IMD Forecasts Monsoon Rains To Be Average in 2021

A man rows his boat in the tributary waters of Vembanad Lake under pre-monsoon clouds, near Kochi, June 7, 2019. Photo: Reuters/Sivaram V/File Photo

New Delhi/Mumbai: India is likely to receive an average amount of rain in the 2021 monsoon, the state-run weather office said on Friday, raising expectations of higher farm and economic growth in Asia’s third-biggest economy, which is reeling from a surge in coronavirus cases.

Monsoon rainfall is expected to total 98% of the long-term average, M. Rajeevan, secretary at the Ministry of Earth Sciences, told a virtual news conference.
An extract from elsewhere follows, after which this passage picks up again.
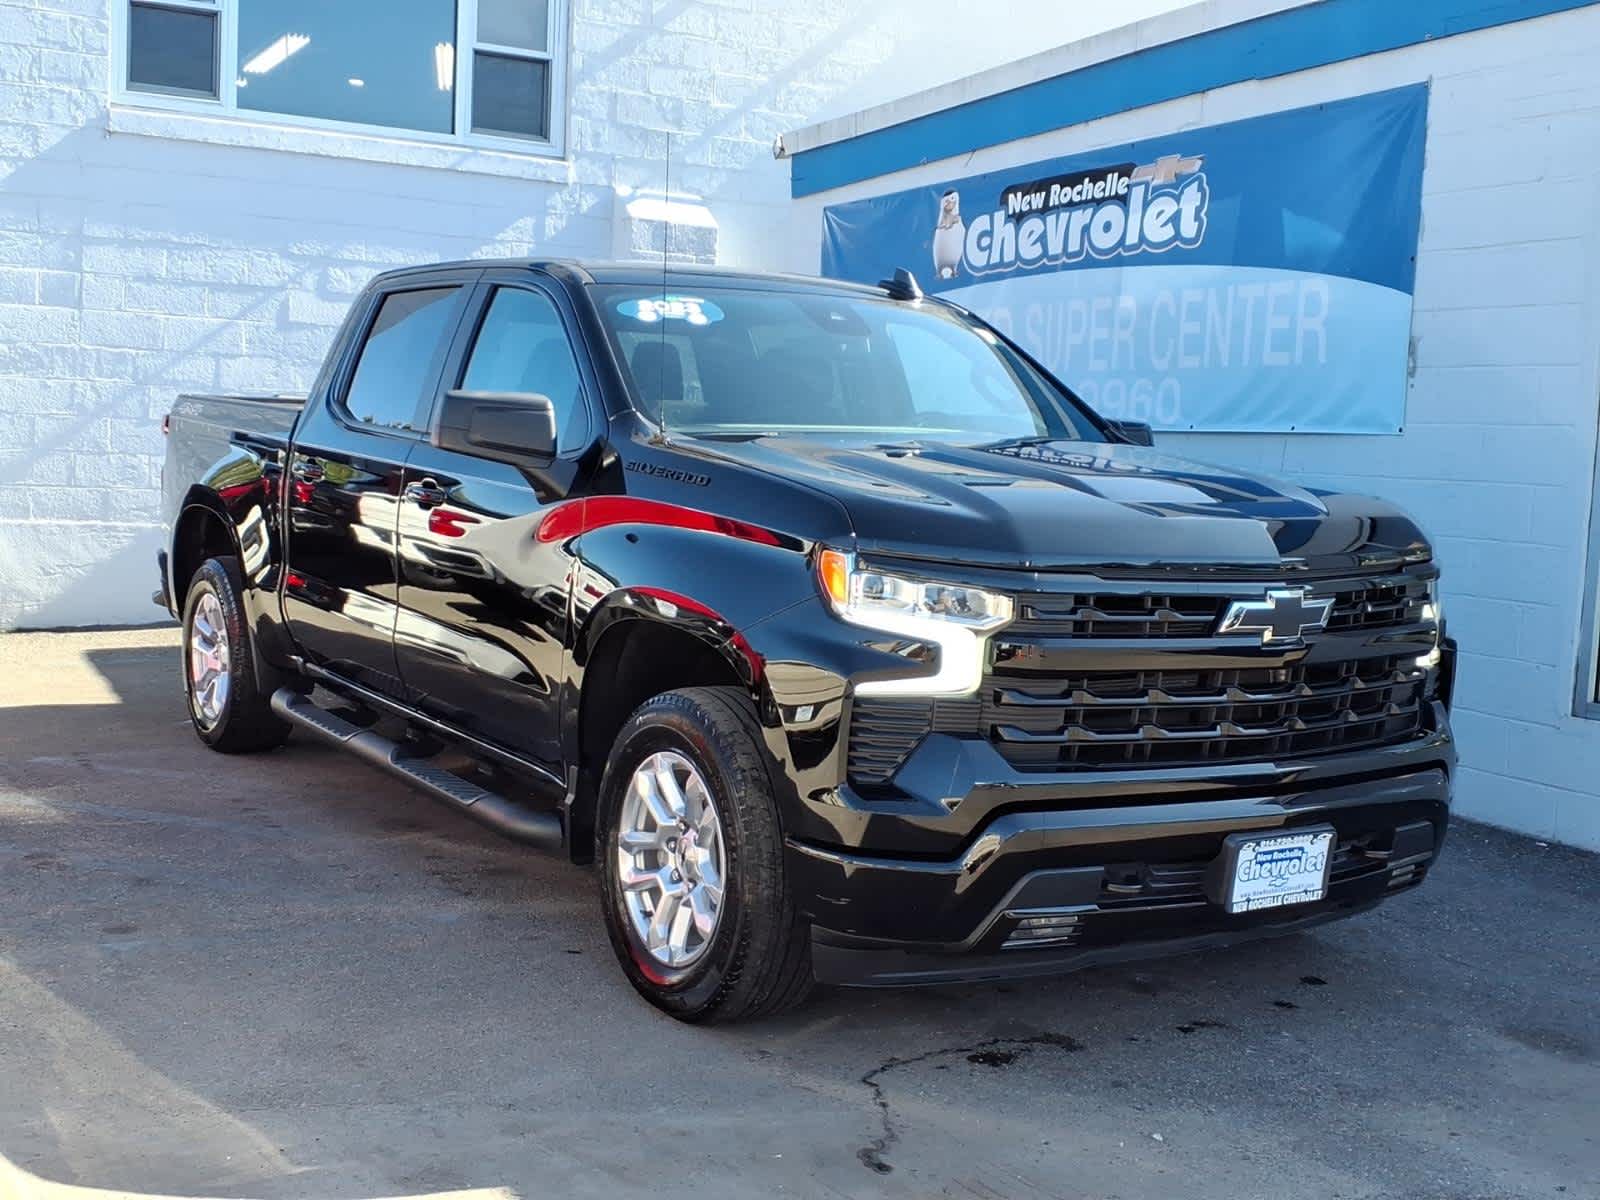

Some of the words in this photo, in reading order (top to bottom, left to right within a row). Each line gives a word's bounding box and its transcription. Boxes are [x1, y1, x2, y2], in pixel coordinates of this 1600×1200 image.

The state-run India Meteorological Department (IMD) defines average, or normal, rainfall as between 96% and 104% of a 50-year average of 88 cm for the entire four-month season beginning in June.

In the midst of the coronavirus pandemic, agriculture has been a bright spot in India’s economy, and a good monsoon would help the sector and the countryside, said Radhika Rao, economist at DBS Bank in Singapore.

The monsoon, the lifeline of the country’s $2.9 trillion economy, delivers nearly 70% of rains that India needs to water farms and recharge reservoirs and aquifers.

Nearly half of India’s farmland, without any irrigation cover, depends on annual June-September rains to grow crops such as rice, corn, cane, cotton and soybeans.

Farming accounts for nearly 15% of India’s economy but sustains more than half of India’s 1.3 billion people.

Monsoon rains lash the southern tip of Kerala state around June 1 and retreat by September.

“Most models show that La Nina conditions will convert to neutral conditions, and there is a very low chance of El Niño’s development during the monsoon season,” Rajeevan said.

A strong El Niño, marked by a warming of the sea surface on the Pacific Ocean, can cause severe drought in Australia, Southeast Asia and India.

A strong El Niño triggered back-to-back droughts in 2014 and 2015.

La Niña is an abnormal cooling of ocean temperatures in the eastern and central Pacific, triggering above average rains.